I'm dumb i read SuperX somehow.


----------



## duffin (Jun 11, 2012)

trauma-md said:


> View attachment 319366


trauma_md - Where did you find these pics? Any links?


----------



## trauma-md (Feb 6, 2004)

These are the early release 2018 bikes from Cannondale. They sent the brochure to dealers last week. Also included SuperX and CAADX models.


----------



## duffin (Jun 11, 2012)

trauma-md said:


> These are the early release 2018 bikes from Cannondale. They sent the brochure to dealers last week. Also included SuperX and CAADX models.


Gotcha and thanks! Any chance you can show us Women's Supersix models?


----------



## trauma-md (Feb 6, 2004)

duffin said:


> Gotcha and thanks! Any chance you can show us Women's Supersix models?
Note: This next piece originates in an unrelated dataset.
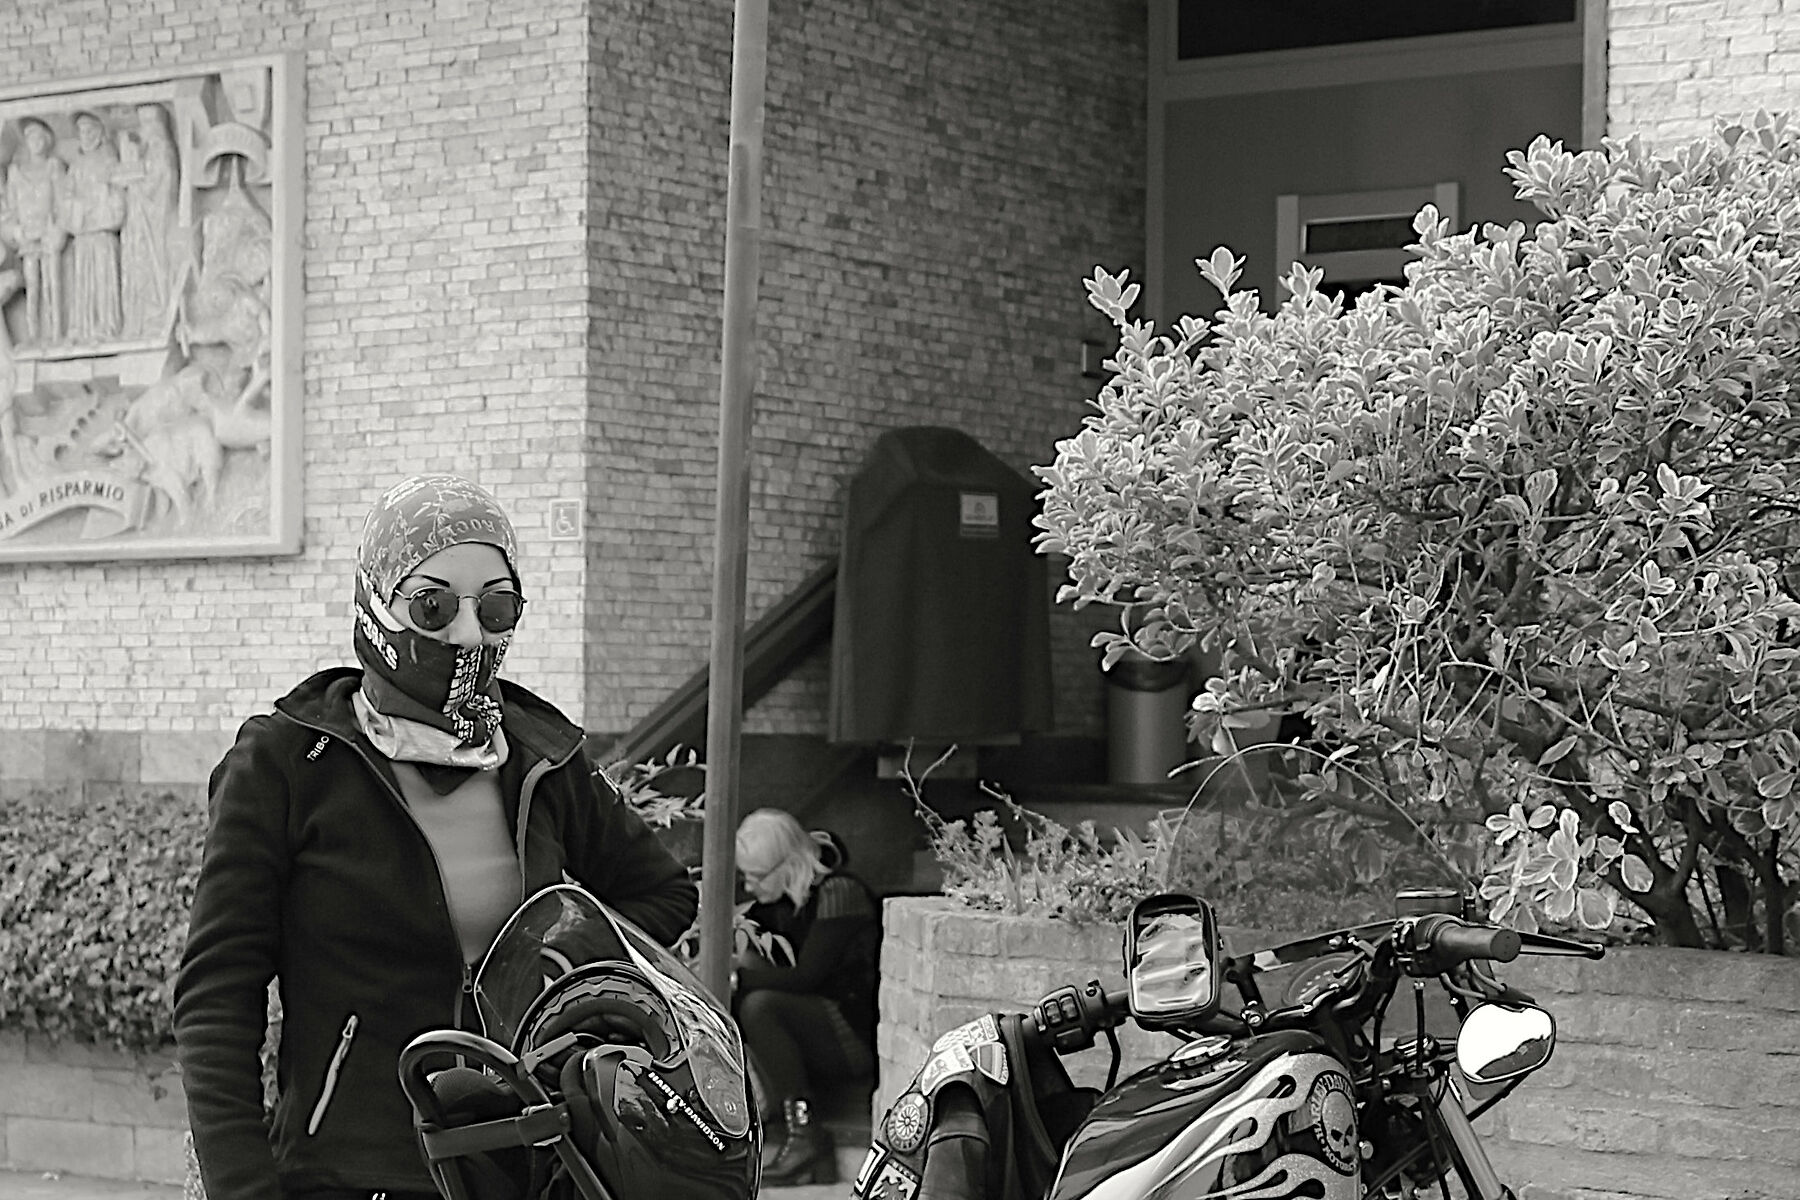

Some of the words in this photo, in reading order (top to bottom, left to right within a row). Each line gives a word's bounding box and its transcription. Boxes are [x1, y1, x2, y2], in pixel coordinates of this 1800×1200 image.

[20, 502, 34, 517] DI
[39, 480, 125, 507] RISPARMIO
[647, 1071, 726, 1152] HARLEY-DAVIDSON
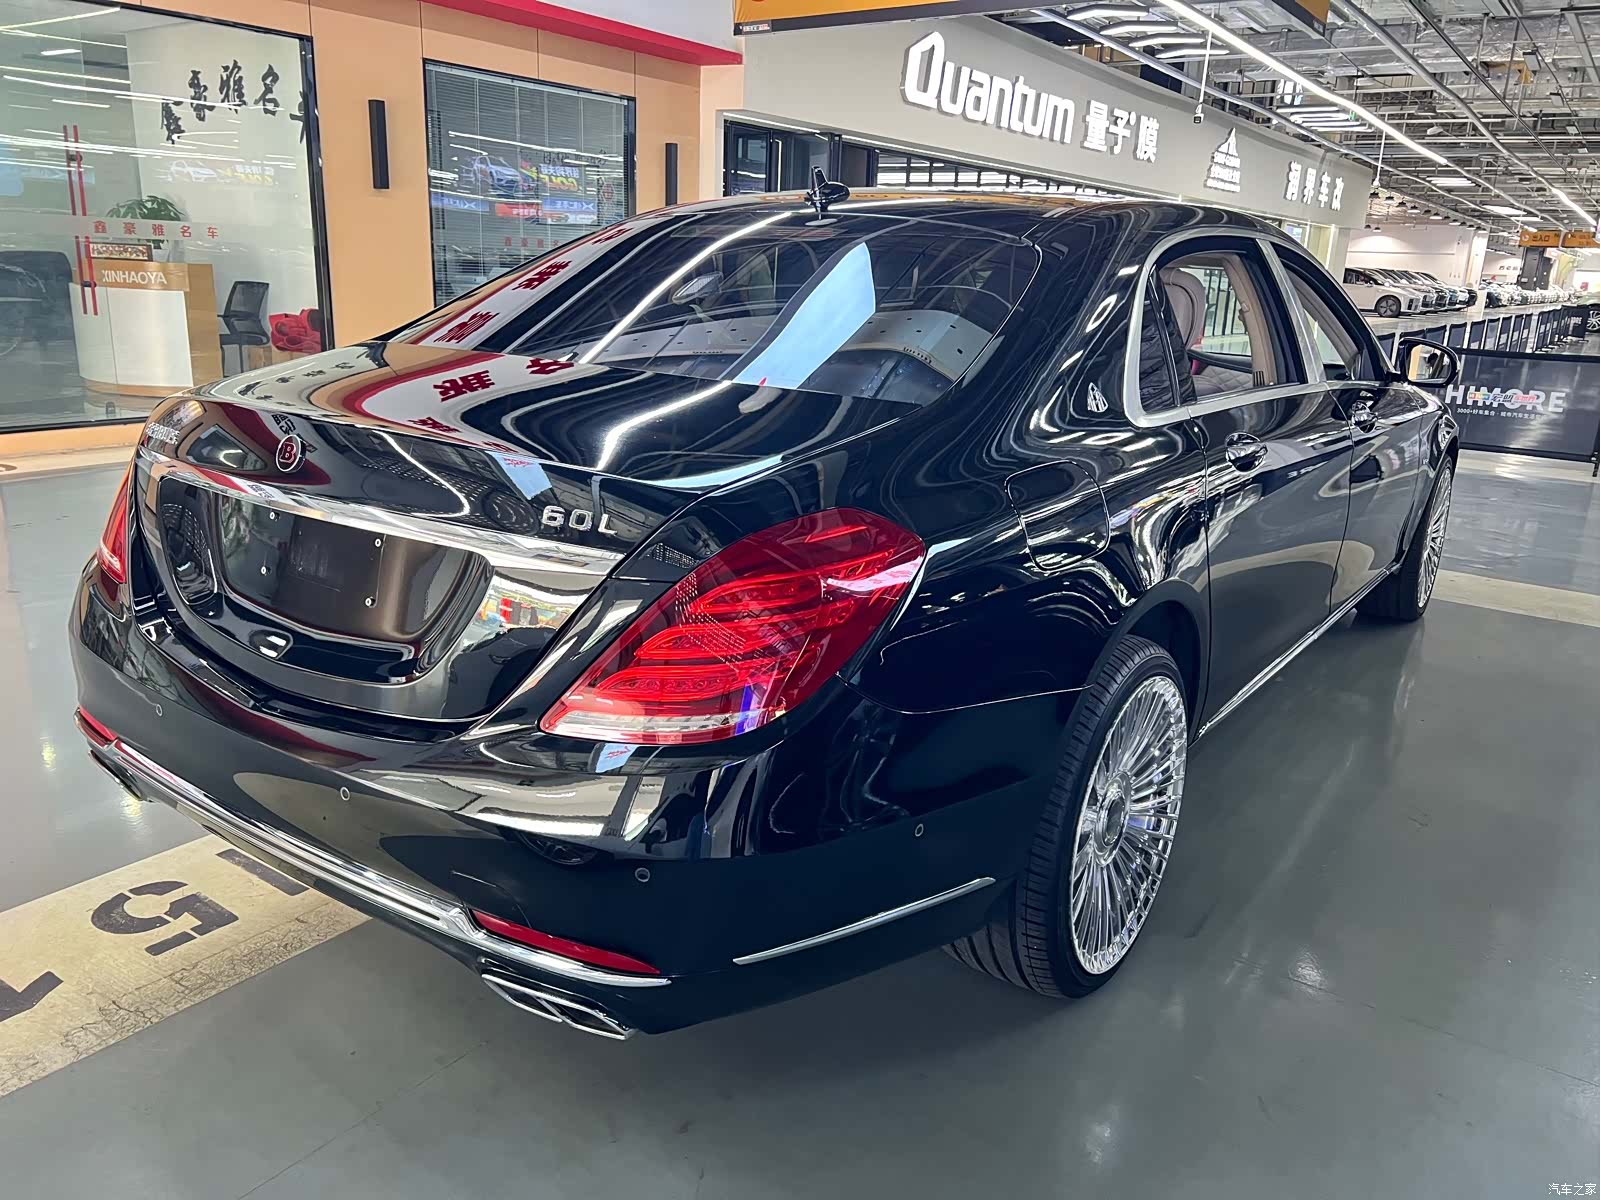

Those were not included, unfortunately.


----------



## zosocane (Aug 29, 2004)

The team SuperSix is the same frame color scheme as the 2017.


----------



## ToiletSiphon (Jul 23, 2014)

No news on the 2018 Synapse?


----------



## trauma-md (Feb 6, 2004)

New EVO's up on European site

SuperSix EVO Cannondale


----------



## downhillmania (Feb 22, 2011)

The Synapse is starting to show up....


----------



## downhillmania (Feb 22, 2011)

Better pic


----------



## aussie_yeti (Feb 9, 2006)

https://www.facebook.com/mali.kerekpar/posts/1362906177139062

MY18 Synapse


----------



## ToiletSiphon (Jul 23, 2014)

aussie_yeti said:


> https://www.facebook.com/mali.kerekpar/posts/1362906177139062
> 
> MY18 Synapse


Is it just me or does it look like they still have quick release instead of thru axles? If so, pretty dumb move from Cannondale imo.


----------



## zosocane (Aug 29, 2004)

aussie_yeti said:


> https://www.facebook.com/mali.kerekpar/posts/1362906177139062
> 
> MY18 Synapse


Are you sure these are the 2018s? The color schemes on the CAAD10s is the same as the 2017s. EVOs also look unchanged. Certainly the 2018 team EVO is the same as 2017.


----------



## aussie_yeti (Feb 9, 2006)

when i click on that link i only see synapses. and alot have been taken down. yesterday there were 30+ images. now only low end. guess it was a good idea to save them all to my hard drive!


----------



## Dan Gerous (Mar 28, 2005)

ToiletSiphon said:


> Is it just me or does it look like they still have quick release instead of thru axles? If so, pretty dumb move from Cannondale imo.


These are thru axles.


----------



## Rashadabd (Sep 17, 2011)

I like the Dura Ace standard version the best. The rest.... meh.


----------